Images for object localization
--
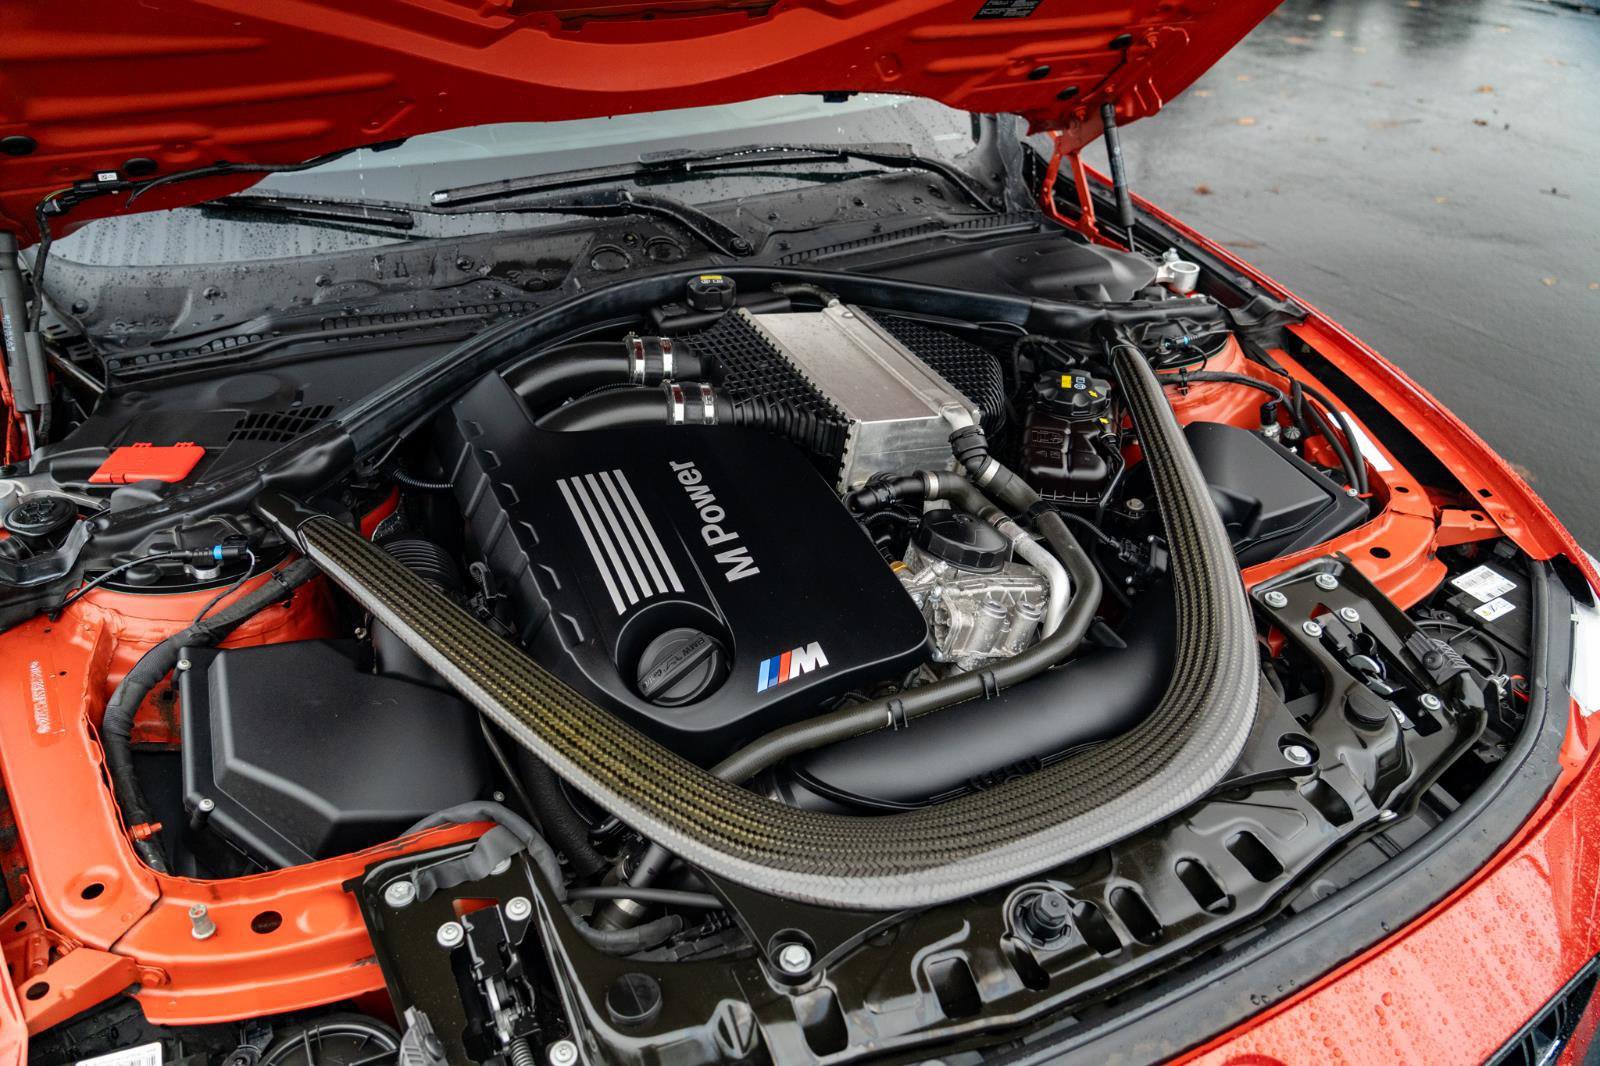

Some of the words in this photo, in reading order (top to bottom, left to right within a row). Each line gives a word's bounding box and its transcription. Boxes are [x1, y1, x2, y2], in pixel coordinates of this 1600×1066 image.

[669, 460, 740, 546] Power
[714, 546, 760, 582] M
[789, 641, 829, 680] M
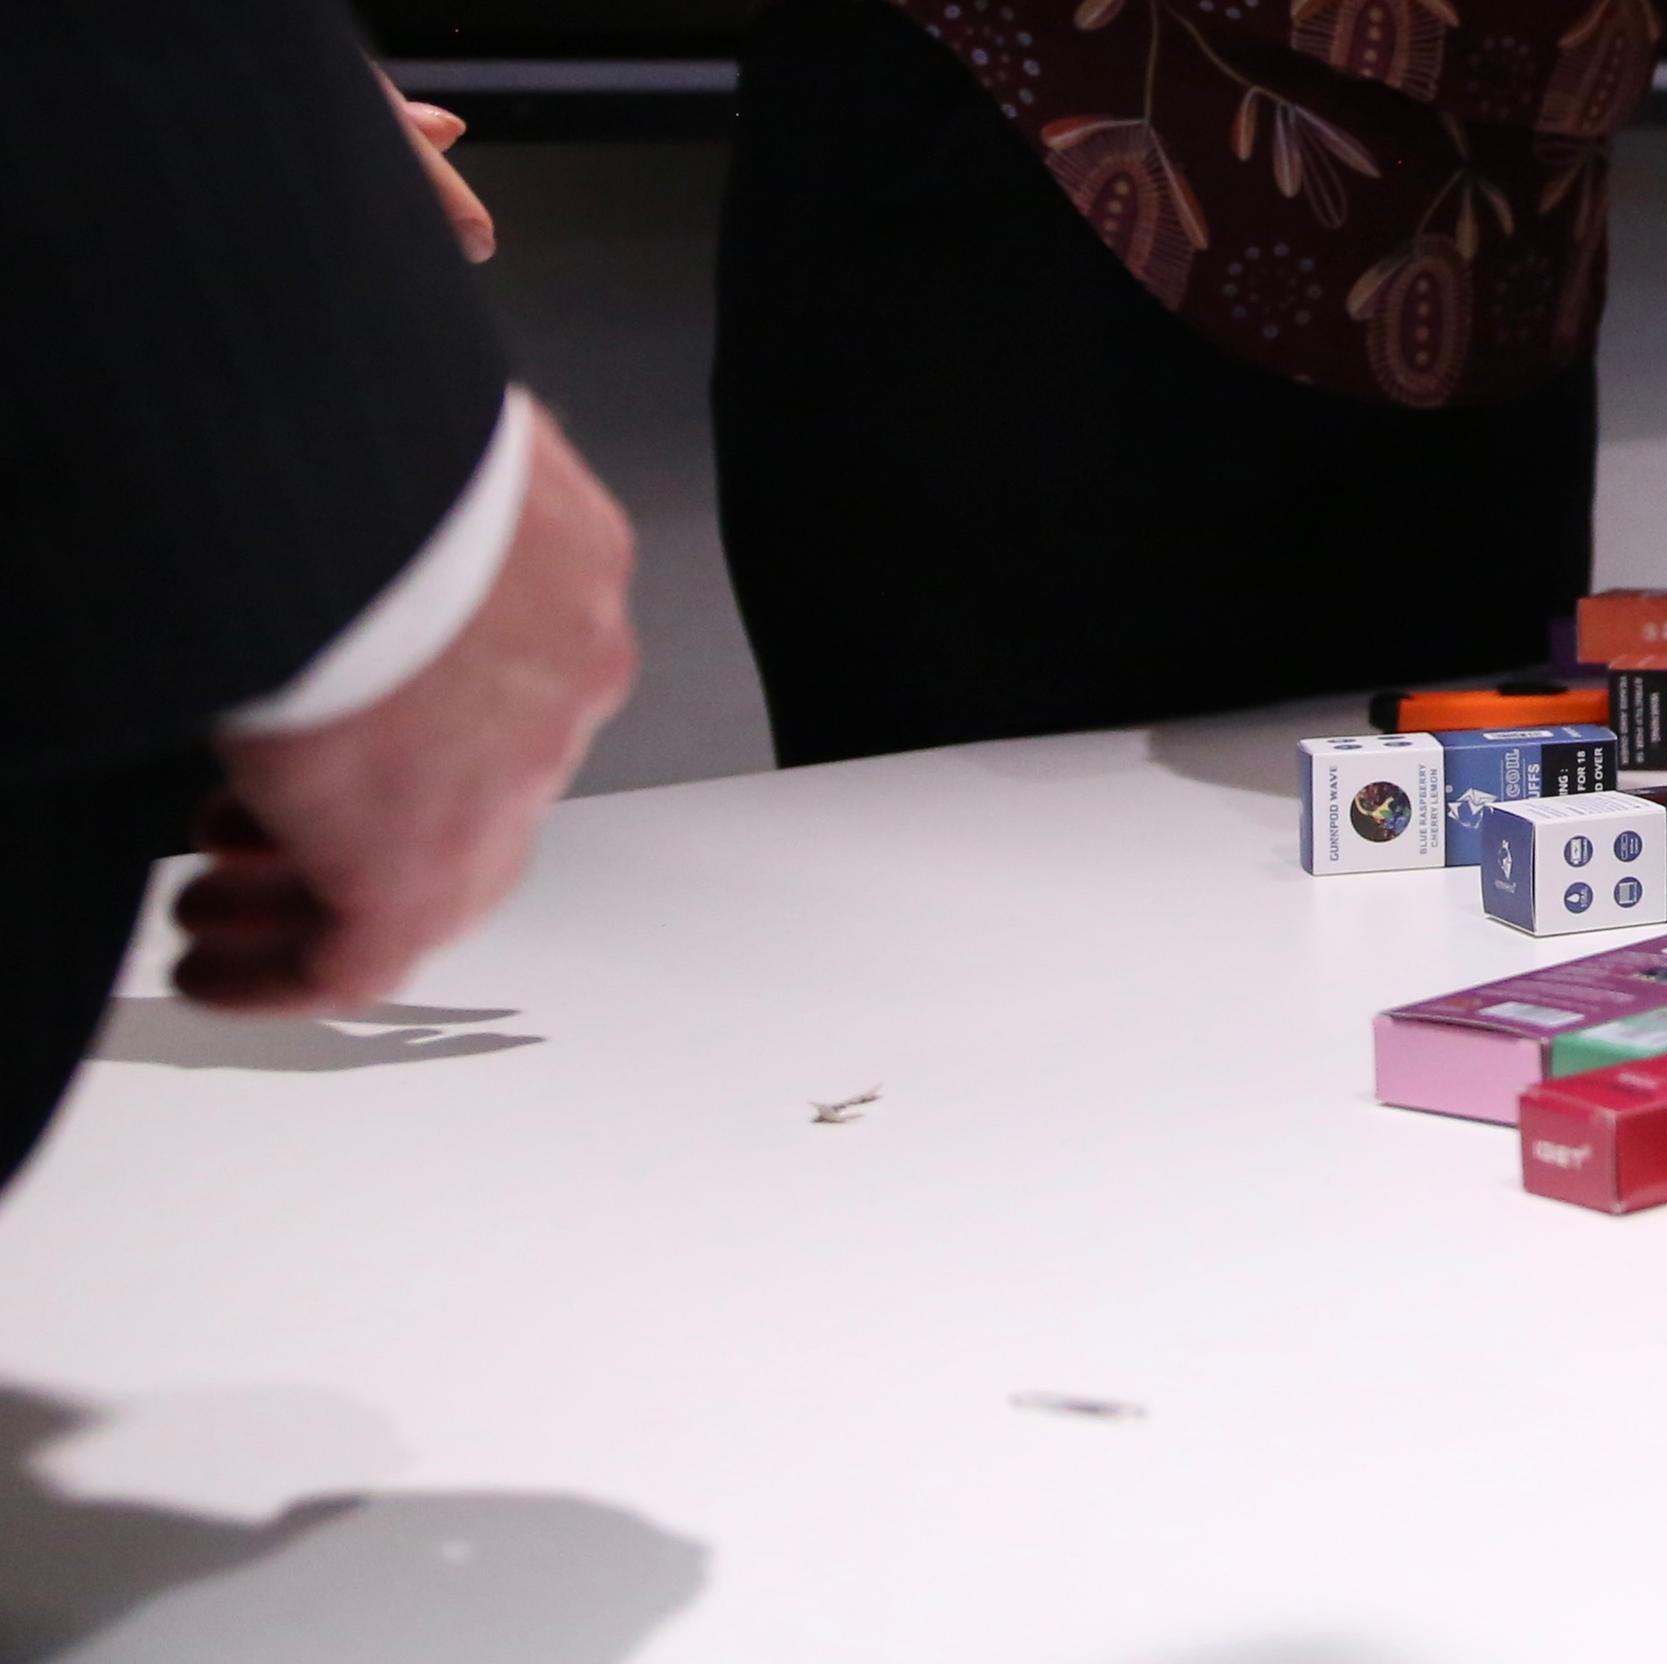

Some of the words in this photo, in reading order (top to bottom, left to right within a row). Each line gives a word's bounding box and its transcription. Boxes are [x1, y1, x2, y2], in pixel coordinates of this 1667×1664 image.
--
* **PROBLEM TO WORK ON**
A faithful copy of all the lines above is needed, with the pictures omitted.

* **TASK SOLUTION**
Some of the words in this photo, in reading order (top to bottom, left to right within a row). Each line gives a word's bounding box and its transcription. Boxes are [x1, y1, x2, y2], in pixel coordinates of this 1600×1066 image.

[669, 460, 740, 546] Power
[714, 546, 760, 582] M
[789, 641, 829, 680] M

Some of the words in this photo, in reading order (top to bottom, left to right within a row). Each line gives a word's bounding box and its transcription. Boxes are [x1, y1, x2, y2], in pixel coordinates of this 1667×1664 image.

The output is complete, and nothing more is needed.